Assigned to duty aboard an LPH—the USS Iwo Jima—with a battalion of infantry from the 7th Marine Regiment, their mission was to sail around offshore until enemy action anywhere in Vietnam required their help. Eventually the situation at the big logistic base of Qui Nohn required just that. 

A port city on the eastern coast of Vietnam, Qui Nohn was critical to supplying the rapidly growing American effort in the country. When intelligence reported sizable enemy units moving toward the harbor, it was time to act. The infantry battalion was deployed ashore by helicopter, with two companies taking up positions on a steep ridge overlooking the harbor. This movement happened on July 1, 1965. There was no contact with the enemy for several days.
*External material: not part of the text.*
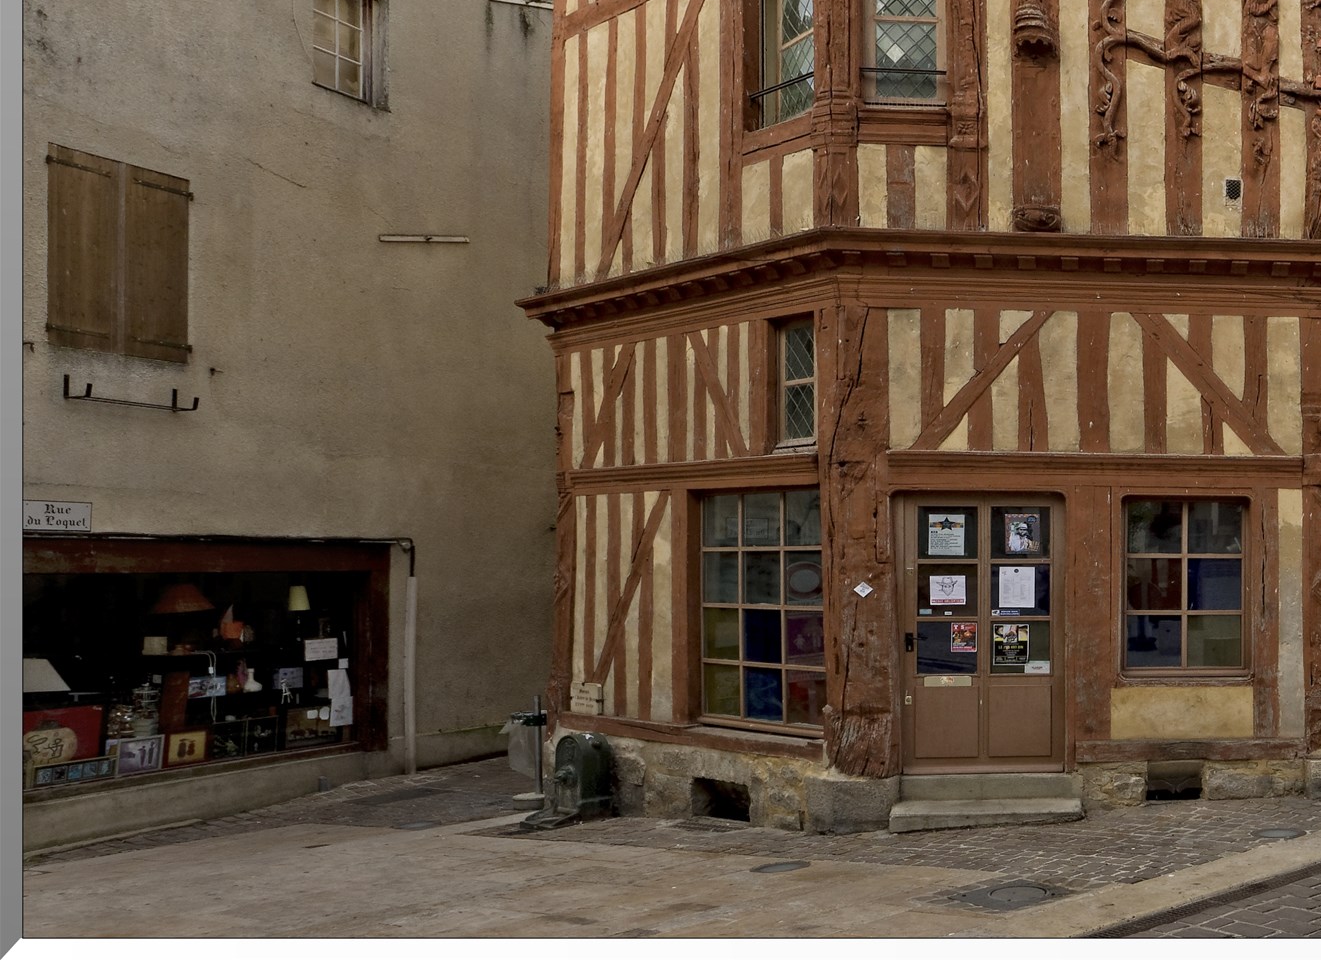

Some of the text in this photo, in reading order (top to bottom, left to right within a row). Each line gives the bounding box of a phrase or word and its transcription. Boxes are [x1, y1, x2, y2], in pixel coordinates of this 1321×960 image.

[44, 503, 72, 514] Rue
[27, 515, 86, 529] du Loquet
The helicopter squadron continued to support the troops ashore. 

Five days after landing, the troops settled in for another night of anxious waiting in their fighting positions. Coastal fog rolled in from the ocean—fog so thick that you couldn’t see your hand in front of your face. It was definitely not flying weather for the helicopters, but one Marine got hit in the upper torso with a rifle shot and needed immediate surgery. His only hope was a helicopter evacuation back to the Iwo Jima’s operating room. They couldn’t fly, but Marines never leave their wounded behind.
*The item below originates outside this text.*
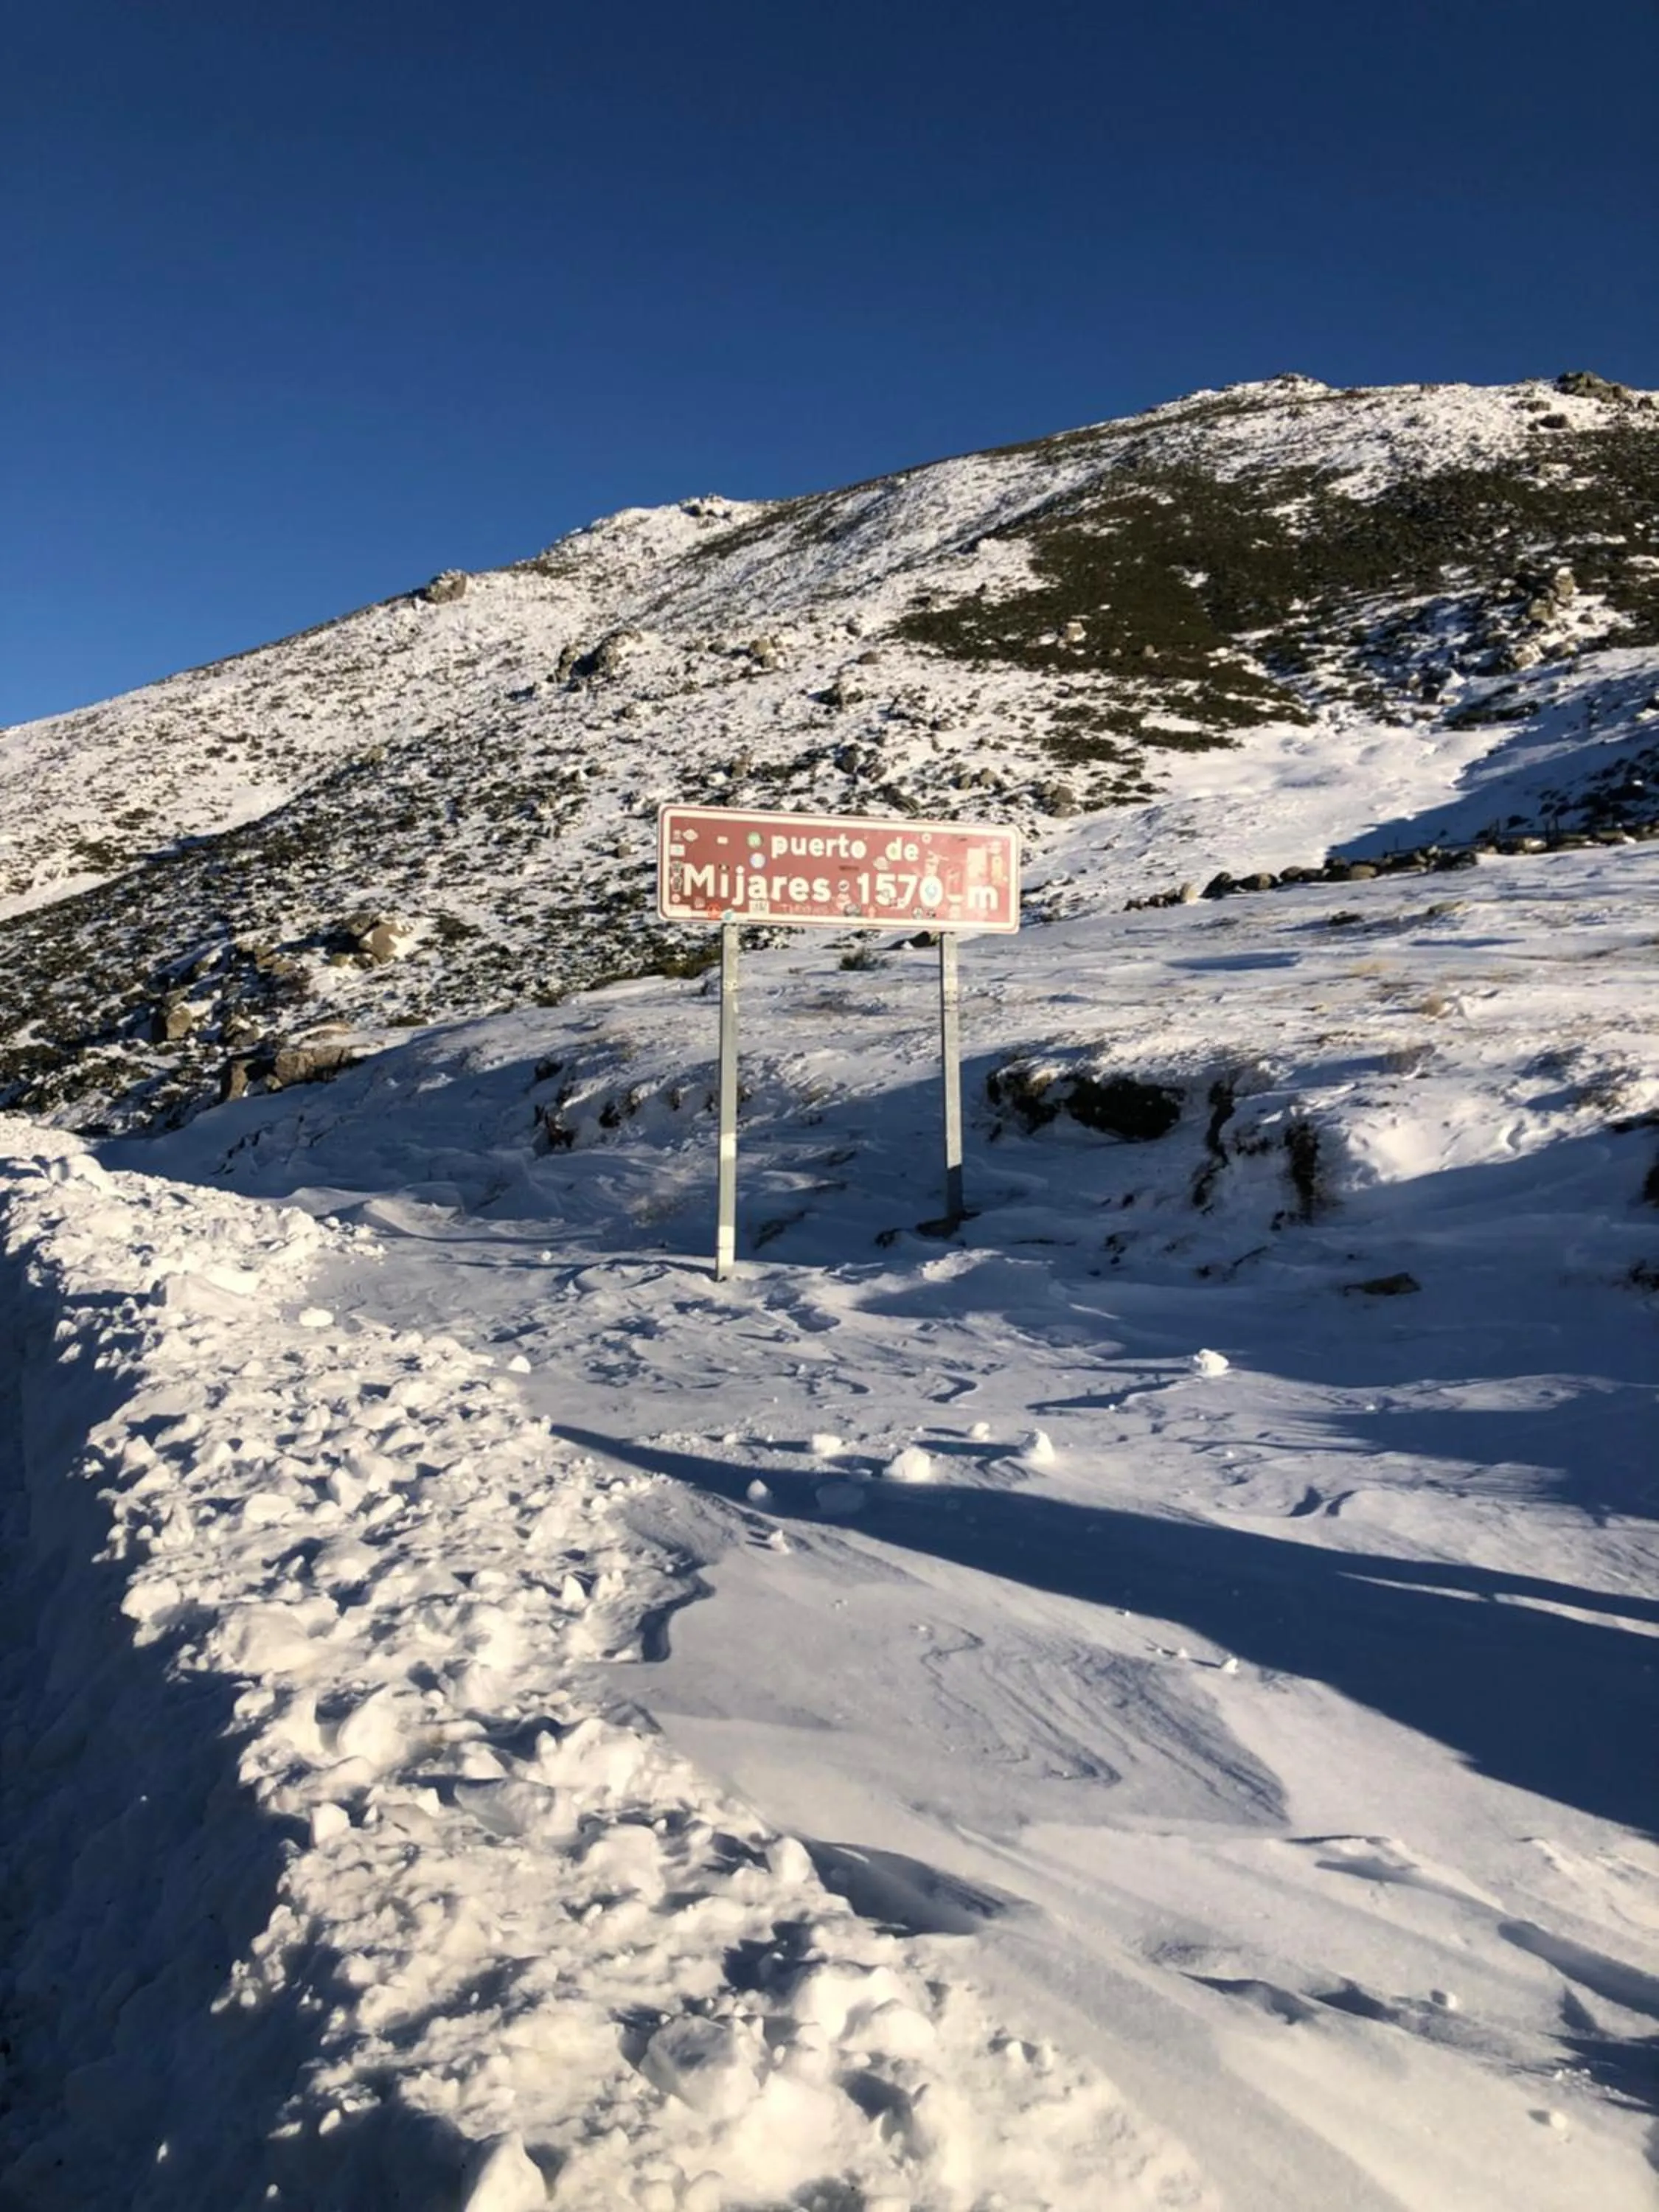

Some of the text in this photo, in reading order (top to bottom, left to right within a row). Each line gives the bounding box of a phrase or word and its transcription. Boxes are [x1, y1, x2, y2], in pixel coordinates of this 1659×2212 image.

[771, 833, 919, 861] puerto de
[683, 862, 998, 911] Mijares 1570 m
Within a few minutes an H-34 helicopter arrived overhead and looked down on a solid blanket of heavy grey fog about 30 feet thick. On the ground and in a very small landing zone, Lt. Rich Hill of the infantry rifle company talked to the pilot of the chopper and worked out a plan. Using illumination grenades dropped into three hastily dug shallow pits, he marked three points of very bright light that could be seen through the fog. The incredibly skillful pilot could barely see where he was going, but lowered his aircraft straight down until he touched down and took the wounded Marine aboard. From the ground, the helicopter appeared through the fog like some mystical Valkyrie. Although he was on the operating table within minutes, the wounded Marine did not survive.

The H-34 helicopter crews carried many other Marines into many other tight spots over the next few years. It was not uncommon to see equally courageous acts on their part when they had to get their brothers out. Brave men among all who go forth with fightin’ iron.